Aim of the exercise
In your copy of the data, omit the pictures and keep all else exactly as given.

Source records
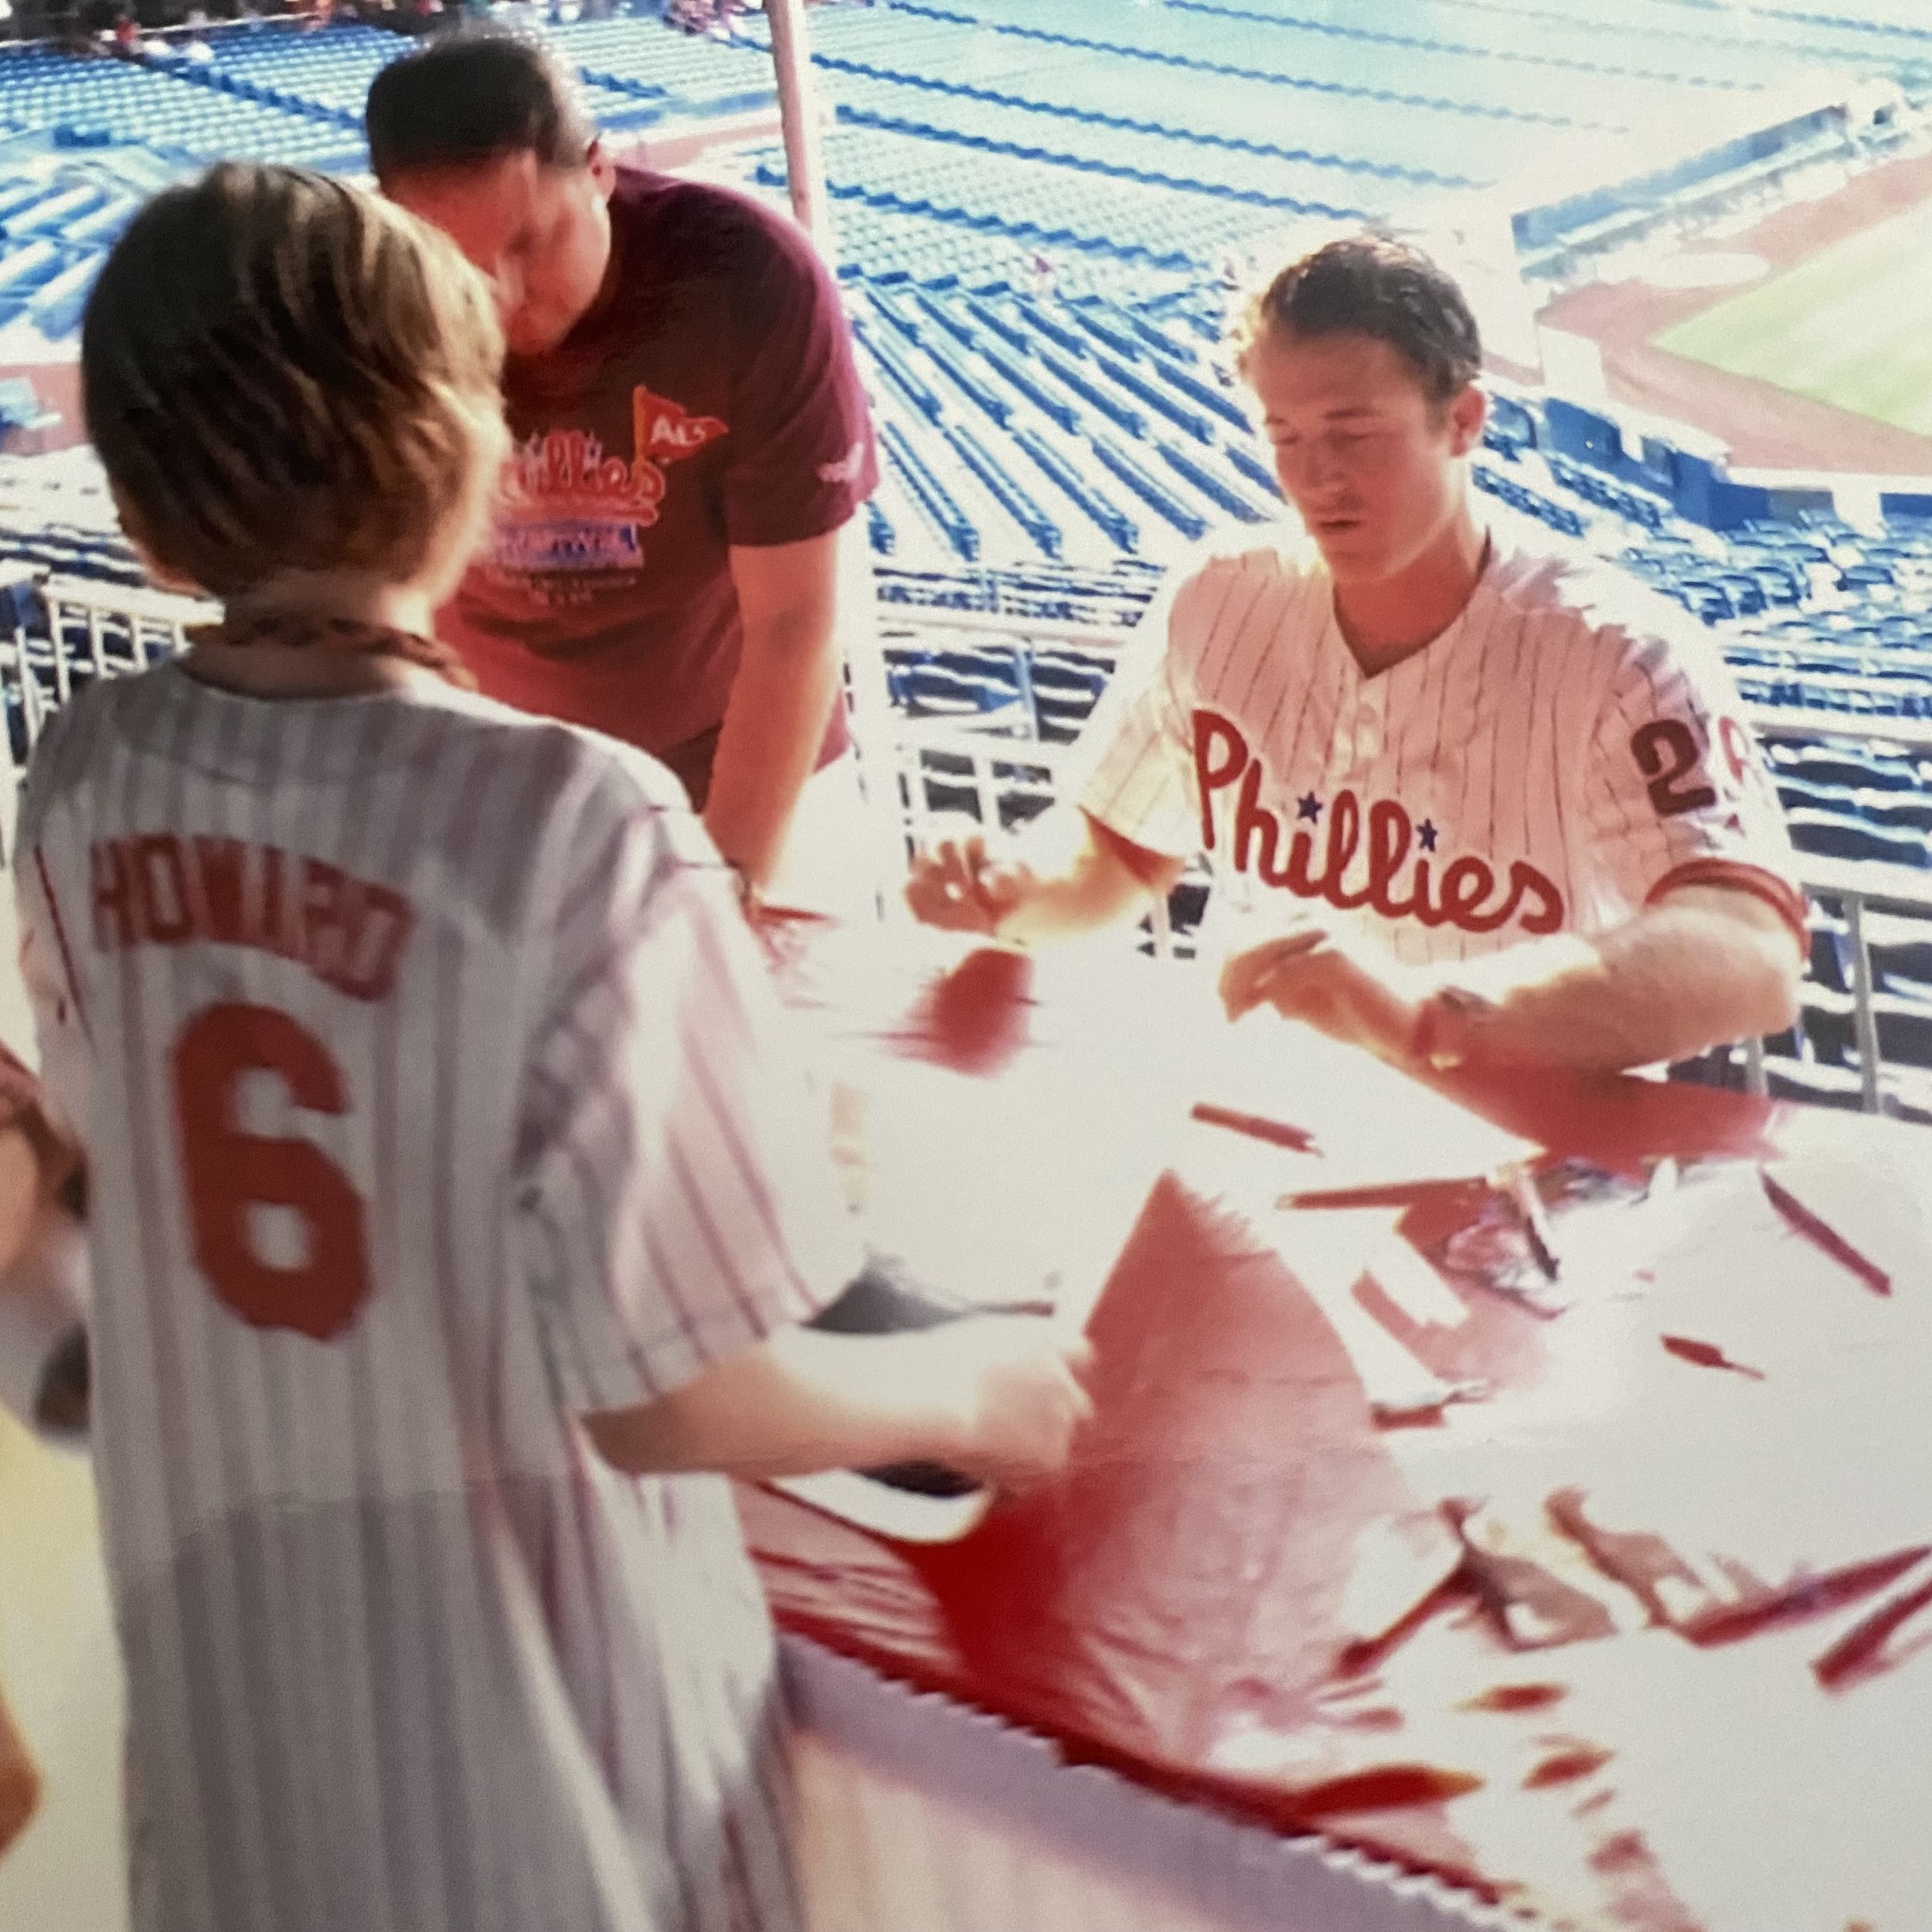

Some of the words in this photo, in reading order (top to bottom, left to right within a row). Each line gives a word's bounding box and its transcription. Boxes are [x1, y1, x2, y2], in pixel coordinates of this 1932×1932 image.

[499, 427, 665, 503] illies
[1192, 709, 1566, 935] Phillies
[170, 1000, 376, 1343] 6
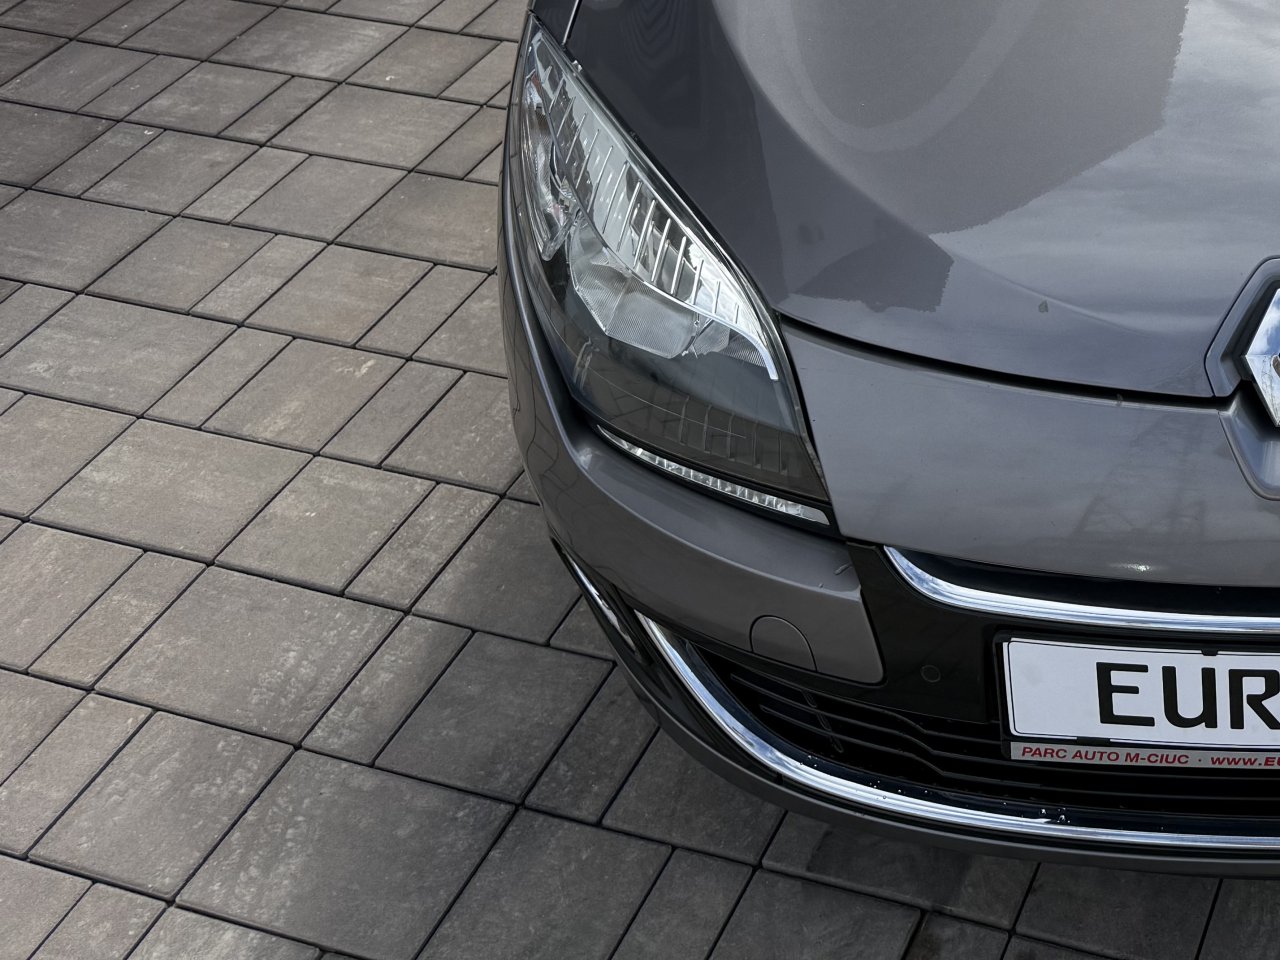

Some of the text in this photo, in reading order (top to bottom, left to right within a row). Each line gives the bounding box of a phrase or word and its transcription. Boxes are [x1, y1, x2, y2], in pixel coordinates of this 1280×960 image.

[1021, 746, 1067, 759] PARC
[1071, 749, 1120, 762] AUTO
[1124, 752, 1190, 765] M-CIUC
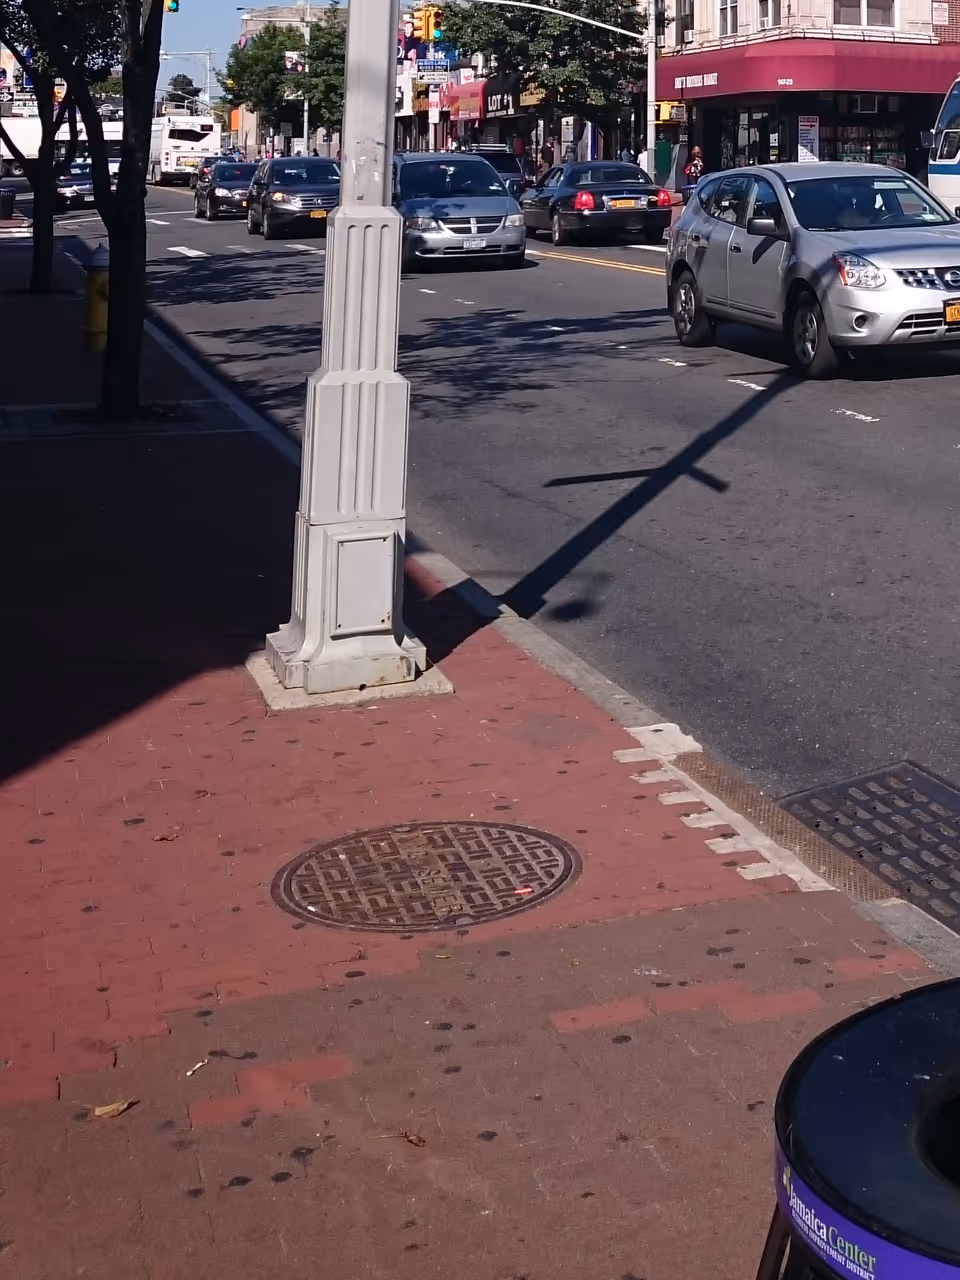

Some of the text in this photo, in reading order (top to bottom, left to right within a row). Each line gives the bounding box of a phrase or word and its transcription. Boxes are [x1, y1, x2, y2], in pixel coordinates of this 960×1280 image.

[488, 94, 502, 111] LOT
[789, 1184, 877, 1272] Jamaica Center
[809, 1228, 846, 1265] IMPROVEMENT
[846, 1260, 875, 1280] DISTRICT
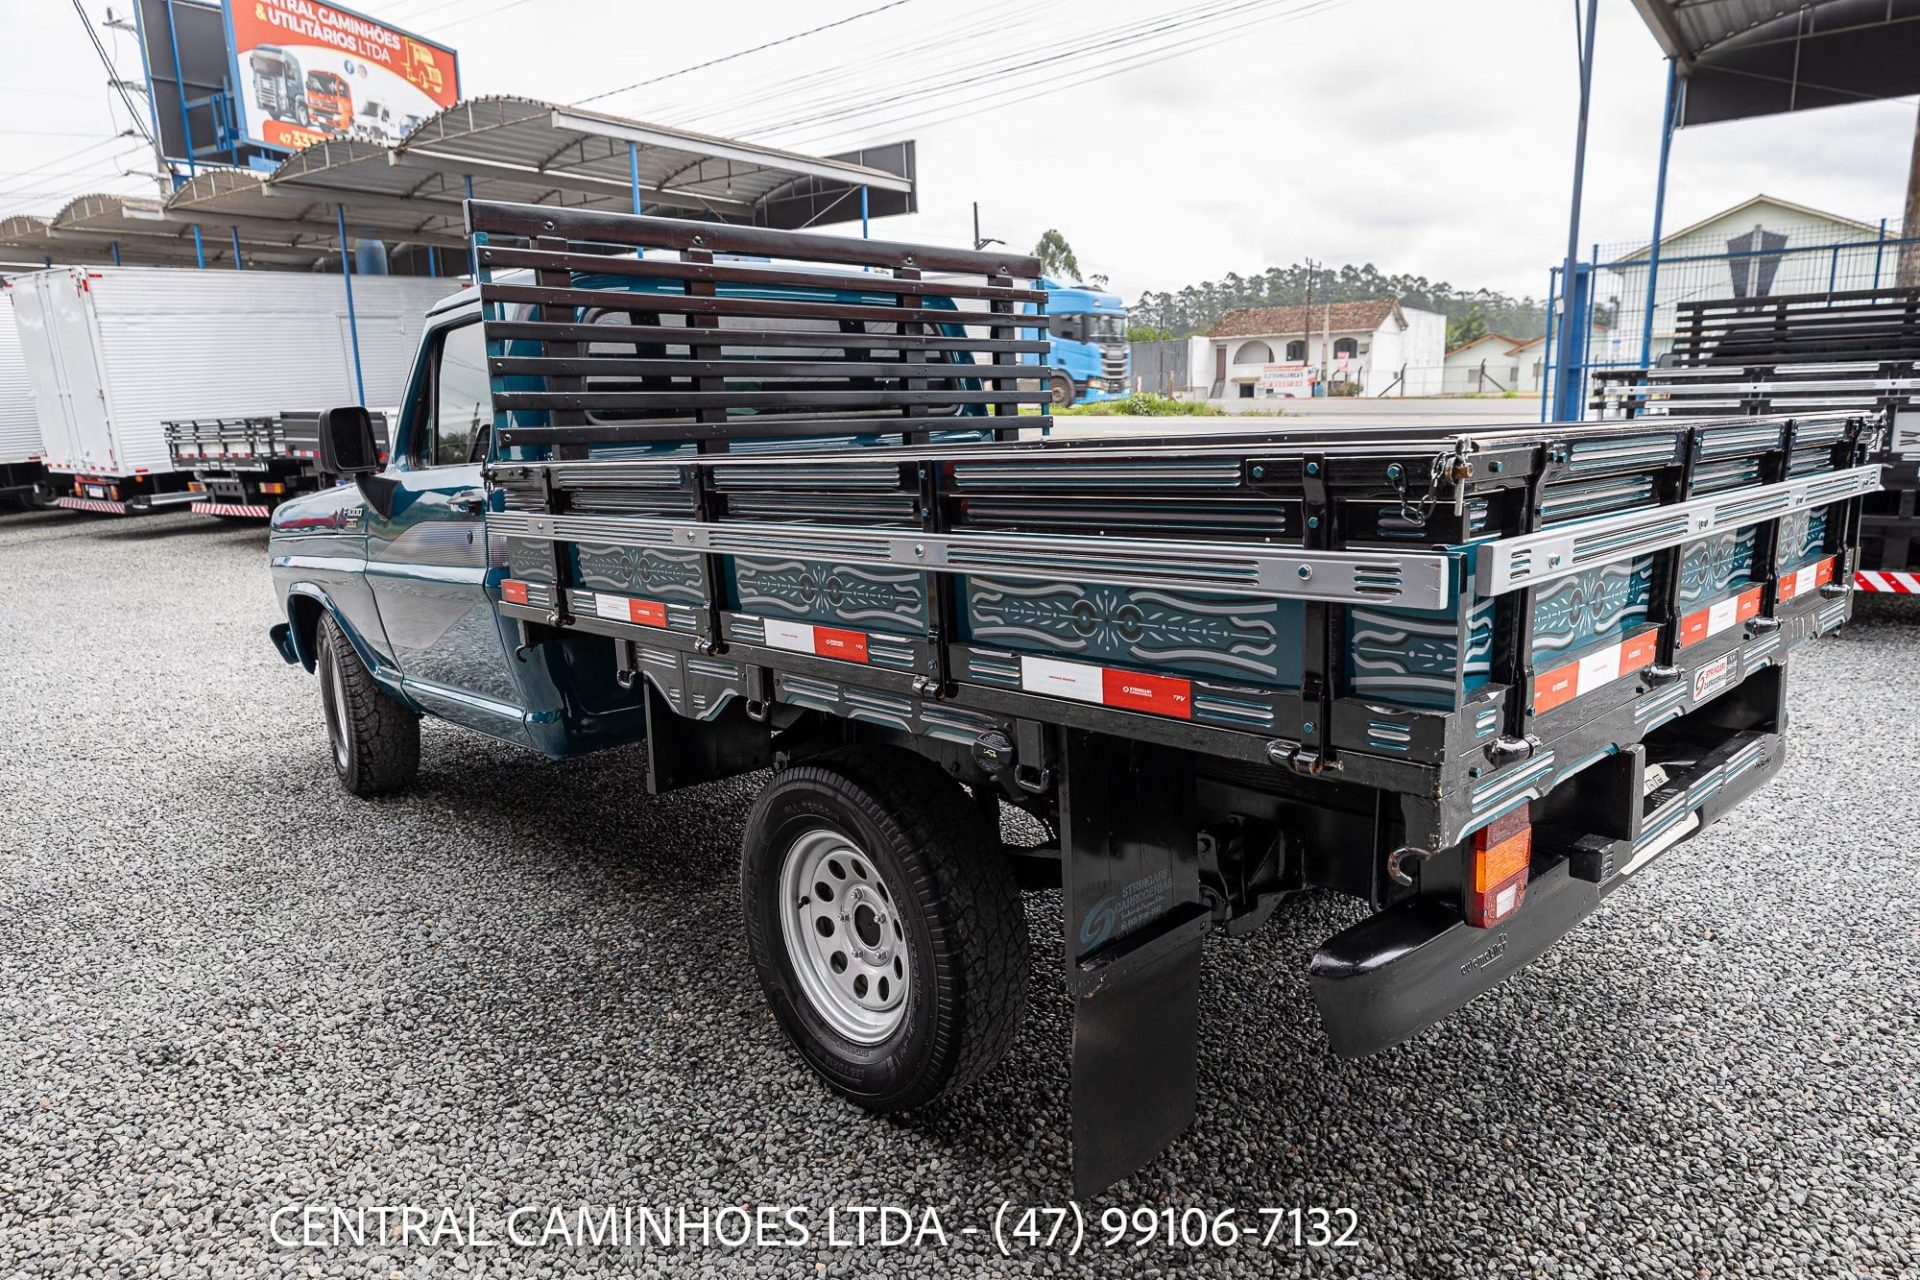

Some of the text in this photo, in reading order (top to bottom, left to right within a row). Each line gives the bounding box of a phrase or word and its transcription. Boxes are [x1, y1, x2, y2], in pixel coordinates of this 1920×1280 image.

The completed task
Some of the words in this photo, in reading order (top to bottom, left to right within a row). Each line gives a word's bounding box and its transcription. Boxes are [x1, y1, x2, y2], in pixel coordinates of this 1932×1932 image.

[499, 427, 665, 503] illies
[1192, 709, 1566, 935] Phillies
[170, 1000, 376, 1343] 6

Some of the text in this photo, in reading order (top to bottom, left to right within a row). Each line gives the bounding box of a phrase or word and its transcription. Boxes are [x1, y1, x2, y2], in pixel coordinates of this 1280×960 image.

[1021, 746, 1067, 759] PARC
[1071, 749, 1120, 762] AUTO
[1124, 752, 1190, 765] M-CIUC

Some of the text in this photo, in reading order (top to bottom, left to right within a row). Each line gives the bounding box of a phrase or word and its transcription. Boxes are [x1, y1, x2, y2], in pixel coordinates of this 960×1280 image.

[488, 94, 502, 111] LOT
[789, 1184, 877, 1272] Jamaica Center
[809, 1228, 846, 1265] IMPROVEMENT
[846, 1260, 875, 1280] DISTRICT

Some of the text in this photo, in reading order (top to bottom, left to right within a row). Each line gives the bounding box of a phrase or word and its transcription. Boxes are [x1, y1, x2, y2], in pixel coordinates of this 1920×1280 image.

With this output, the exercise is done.